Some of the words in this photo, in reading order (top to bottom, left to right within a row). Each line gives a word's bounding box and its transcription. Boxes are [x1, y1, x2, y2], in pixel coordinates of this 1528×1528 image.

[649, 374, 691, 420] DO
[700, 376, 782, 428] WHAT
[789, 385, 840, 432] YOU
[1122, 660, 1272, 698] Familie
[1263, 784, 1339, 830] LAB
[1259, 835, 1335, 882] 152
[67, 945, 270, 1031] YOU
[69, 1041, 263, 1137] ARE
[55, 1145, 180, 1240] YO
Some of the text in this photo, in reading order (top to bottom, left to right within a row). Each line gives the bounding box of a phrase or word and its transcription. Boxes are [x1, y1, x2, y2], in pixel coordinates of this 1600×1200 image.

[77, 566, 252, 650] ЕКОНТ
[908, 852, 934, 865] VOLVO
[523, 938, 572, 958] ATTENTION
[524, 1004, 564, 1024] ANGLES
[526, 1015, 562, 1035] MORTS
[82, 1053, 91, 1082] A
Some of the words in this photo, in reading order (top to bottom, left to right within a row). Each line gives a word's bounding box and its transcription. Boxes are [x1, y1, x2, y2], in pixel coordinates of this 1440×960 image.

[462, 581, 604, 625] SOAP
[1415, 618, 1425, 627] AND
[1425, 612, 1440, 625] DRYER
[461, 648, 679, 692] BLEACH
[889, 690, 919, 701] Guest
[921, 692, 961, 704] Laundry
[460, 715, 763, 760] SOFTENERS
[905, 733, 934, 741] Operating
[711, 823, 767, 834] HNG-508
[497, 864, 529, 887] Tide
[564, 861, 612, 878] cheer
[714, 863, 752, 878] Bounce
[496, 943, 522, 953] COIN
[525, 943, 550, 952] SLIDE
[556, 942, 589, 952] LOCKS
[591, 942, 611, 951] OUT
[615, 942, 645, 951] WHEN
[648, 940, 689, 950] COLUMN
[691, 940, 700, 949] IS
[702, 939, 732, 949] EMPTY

[TO DO]
Return the full listing unchanged.

[EXERCISE ANSWER]
Some of the words in this photo, in reading order (top to bottom, left to right within a row). Each line gives a word's bounding box and its transcription. Boxes are [x1, y1, x2, y2], in pixel coordinates of this 1528×1528 image.

[649, 374, 691, 420] DO
[700, 376, 782, 428] WHAT
[789, 385, 840, 432] YOU
[1122, 660, 1272, 698] Familie
[1263, 784, 1339, 830] LAB
[1259, 835, 1335, 882] 152
[67, 945, 270, 1031] YOU
[69, 1041, 263, 1137] ARE
[55, 1145, 180, 1240] YO
Some of the text in this photo, in reading order (top to bottom, left to right within a row). Each line gives the bounding box of a phrase or word and its transcription. Boxes are [x1, y1, x2, y2], in pixel coordinates of this 1600×1200 image.

[77, 566, 252, 650] ЕКОНТ
[908, 852, 934, 865] VOLVO
[523, 938, 572, 958] ATTENTION
[524, 1004, 564, 1024] ANGLES
[526, 1015, 562, 1035] MORTS
[82, 1053, 91, 1082] A
Some of the words in this photo, in reading order (top to bottom, left to right within a row). Each line gives a word's bounding box and its transcription. Boxes are [x1, y1, x2, y2], in pixel coordinates of this 1440×960 image.

[462, 581, 604, 625] SOAP
[1415, 618, 1425, 627] AND
[1425, 612, 1440, 625] DRYER
[461, 648, 679, 692] BLEACH
[889, 690, 919, 701] Guest
[921, 692, 961, 704] Laundry
[460, 715, 763, 760] SOFTENERS
[905, 733, 934, 741] Operating
[711, 823, 767, 834] HNG-508
[497, 864, 529, 887] Tide
[564, 861, 612, 878] cheer
[714, 863, 752, 878] Bounce
[496, 943, 522, 953] COIN
[525, 943, 550, 952] SLIDE
[556, 942, 589, 952] LOCKS
[591, 942, 611, 951] OUT
[615, 942, 645, 951] WHEN
[648, 940, 689, 950] COLUMN
[691, 940, 700, 949] IS
[702, 939, 732, 949] EMPTY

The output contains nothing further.